MATERIAL TO PROCESS section start
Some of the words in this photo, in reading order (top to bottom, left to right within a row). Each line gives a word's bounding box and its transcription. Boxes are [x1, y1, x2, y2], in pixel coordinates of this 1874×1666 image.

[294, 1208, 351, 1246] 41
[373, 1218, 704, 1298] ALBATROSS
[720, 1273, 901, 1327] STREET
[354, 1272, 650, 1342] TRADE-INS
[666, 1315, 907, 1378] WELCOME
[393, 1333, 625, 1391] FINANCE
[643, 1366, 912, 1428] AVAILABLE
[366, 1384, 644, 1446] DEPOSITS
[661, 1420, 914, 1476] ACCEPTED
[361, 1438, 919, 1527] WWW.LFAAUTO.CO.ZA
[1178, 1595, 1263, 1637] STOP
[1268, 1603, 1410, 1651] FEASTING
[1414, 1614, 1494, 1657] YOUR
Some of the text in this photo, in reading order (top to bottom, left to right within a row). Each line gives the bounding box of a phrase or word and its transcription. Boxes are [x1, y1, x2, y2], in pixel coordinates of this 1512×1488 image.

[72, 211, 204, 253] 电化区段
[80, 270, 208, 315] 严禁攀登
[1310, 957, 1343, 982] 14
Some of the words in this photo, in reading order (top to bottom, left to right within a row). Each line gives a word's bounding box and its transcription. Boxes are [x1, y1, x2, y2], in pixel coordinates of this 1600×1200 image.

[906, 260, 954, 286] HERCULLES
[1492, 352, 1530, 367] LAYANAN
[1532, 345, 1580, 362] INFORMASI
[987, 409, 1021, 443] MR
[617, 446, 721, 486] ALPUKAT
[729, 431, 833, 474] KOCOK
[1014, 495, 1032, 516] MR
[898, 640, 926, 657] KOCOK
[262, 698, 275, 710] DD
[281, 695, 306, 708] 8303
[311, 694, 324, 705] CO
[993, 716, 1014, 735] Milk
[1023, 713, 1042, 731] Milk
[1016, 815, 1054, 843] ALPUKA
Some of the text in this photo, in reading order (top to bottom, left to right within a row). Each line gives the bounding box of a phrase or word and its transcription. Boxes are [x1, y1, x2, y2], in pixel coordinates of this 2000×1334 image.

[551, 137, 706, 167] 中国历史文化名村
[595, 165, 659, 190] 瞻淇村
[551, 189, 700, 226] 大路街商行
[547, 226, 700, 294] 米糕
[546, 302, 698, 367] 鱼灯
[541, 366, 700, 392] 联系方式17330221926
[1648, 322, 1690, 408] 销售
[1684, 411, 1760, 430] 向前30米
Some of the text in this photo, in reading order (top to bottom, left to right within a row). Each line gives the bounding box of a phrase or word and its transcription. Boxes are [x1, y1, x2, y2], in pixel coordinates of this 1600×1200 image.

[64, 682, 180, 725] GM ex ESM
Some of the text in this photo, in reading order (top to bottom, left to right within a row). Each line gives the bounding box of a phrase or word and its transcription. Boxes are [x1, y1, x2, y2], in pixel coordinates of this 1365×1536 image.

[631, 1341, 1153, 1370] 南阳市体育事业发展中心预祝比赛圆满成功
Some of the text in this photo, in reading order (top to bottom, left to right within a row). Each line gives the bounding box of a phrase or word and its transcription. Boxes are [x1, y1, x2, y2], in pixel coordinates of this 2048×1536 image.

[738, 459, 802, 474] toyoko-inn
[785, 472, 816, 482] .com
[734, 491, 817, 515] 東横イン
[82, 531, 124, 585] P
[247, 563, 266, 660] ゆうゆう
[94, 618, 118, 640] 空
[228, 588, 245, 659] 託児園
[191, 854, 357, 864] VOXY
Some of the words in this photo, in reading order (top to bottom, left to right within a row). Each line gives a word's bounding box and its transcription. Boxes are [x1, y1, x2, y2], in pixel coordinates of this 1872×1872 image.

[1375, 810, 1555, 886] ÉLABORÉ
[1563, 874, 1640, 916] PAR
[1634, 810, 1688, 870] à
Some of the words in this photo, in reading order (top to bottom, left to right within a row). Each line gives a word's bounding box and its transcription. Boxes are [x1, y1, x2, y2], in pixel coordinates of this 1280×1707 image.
MATERIAL TO PROCESS section end
▸ **PROBLEM TO WORK ON**: Set down the data above once more so that nothing differs from the original.

▸ **REPLY TO THE EXERCISE**:
Some of the words in this photo, in reading order (top to bottom, left to right within a row). Each line gives a word's bounding box and its transcription. Boxes are [x1, y1, x2, y2], in pixel coordinates of this 1874×1666 image.

[294, 1208, 351, 1246] 41
[373, 1218, 704, 1298] ALBATROSS
[720, 1273, 901, 1327] STREET
[354, 1272, 650, 1342] TRADE-INS
[666, 1315, 907, 1378] WELCOME
[393, 1333, 625, 1391] FINANCE
[643, 1366, 912, 1428] AVAILABLE
[366, 1384, 644, 1446] DEPOSITS
[661, 1420, 914, 1476] ACCEPTED
[361, 1438, 919, 1527] WWW.LFAAUTO.CO.ZA
[1178, 1595, 1263, 1637] STOP
[1268, 1603, 1410, 1651] FEASTING
[1414, 1614, 1494, 1657] YOUR
Some of the text in this photo, in reading order (top to bottom, left to right within a row). Each line gives the bounding box of a phrase or word and its transcription. Boxes are [x1, y1, x2, y2], in pixel coordinates of this 1512×1488 image.

[72, 211, 204, 253] 电化区段
[80, 270, 208, 315] 严禁攀登
[1310, 957, 1343, 982] 14
Some of the words in this photo, in reading order (top to bottom, left to right within a row). Each line gives a word's bounding box and its transcription. Boxes are [x1, y1, x2, y2], in pixel coordinates of this 1600×1200 image.

[906, 260, 954, 286] HERCULLES
[1492, 352, 1530, 367] LAYANAN
[1532, 345, 1580, 362] INFORMASI
[987, 409, 1021, 443] MR
[617, 446, 721, 486] ALPUKAT
[729, 431, 833, 474] KOCOK
[1014, 495, 1032, 516] MR
[898, 640, 926, 657] KOCOK
[262, 698, 275, 710] DD
[281, 695, 306, 708] 8303
[311, 694, 324, 705] CO
[993, 716, 1014, 735] Milk
[1023, 713, 1042, 731] Milk
[1016, 815, 1054, 843] ALPUKA
Some of the text in this photo, in reading order (top to bottom, left to right within a row). Each line gives the bounding box of a phrase or word and its transcription. Boxes are [x1, y1, x2, y2], in pixel coordinates of this 2000×1334 image.

[551, 137, 706, 167] 中国历史文化名村
[595, 165, 659, 190] 瞻淇村
[551, 189, 700, 226] 大路街商行
[547, 226, 700, 294] 米糕
[546, 302, 698, 367] 鱼灯
[541, 366, 700, 392] 联系方式17330221926
[1648, 322, 1690, 408] 销售
[1684, 411, 1760, 430] 向前30米
Some of the text in this photo, in reading order (top to bottom, left to right within a row). Each line gives the bounding box of a phrase or word and its transcription. Boxes are [x1, y1, x2, y2], in pixel coordinates of this 1600×1200 image.

[64, 682, 180, 725] GM ex ESM
Some of the text in this photo, in reading order (top to bottom, left to right within a row). Each line gives the bounding box of a phrase or word and its transcription. Boxes are [x1, y1, x2, y2], in pixel coordinates of this 1365×1536 image.

[631, 1341, 1153, 1370] 南阳市体育事业发展中心预祝比赛圆满成功
Some of the text in this photo, in reading order (top to bottom, left to right within a row). Each line gives the bounding box of a phrase or word and its transcription. Boxes are [x1, y1, x2, y2], in pixel coordinates of this 2048×1536 image.

[738, 459, 802, 474] toyoko-inn
[785, 472, 816, 482] .com
[734, 491, 817, 515] 東横イン
[82, 531, 124, 585] P
[247, 563, 266, 660] ゆうゆう
[94, 618, 118, 640] 空
[228, 588, 245, 659] 託児園
[191, 854, 357, 864] VOXY
Some of the words in this photo, in reading order (top to bottom, left to right within a row). Each line gives a word's bounding box and its transcription. Boxes are [x1, y1, x2, y2], in pixel coordinates of this 1872×1872 image.

[1375, 810, 1555, 886] ÉLABORÉ
[1563, 874, 1640, 916] PAR
[1634, 810, 1688, 870] à
Some of the words in this photo, in reading order (top to bottom, left to right within a row). Each line gives a word's bounding box and its transcription. Boxes are [x1, y1, x2, y2], in pixel coordinates of this 1280×1707 image.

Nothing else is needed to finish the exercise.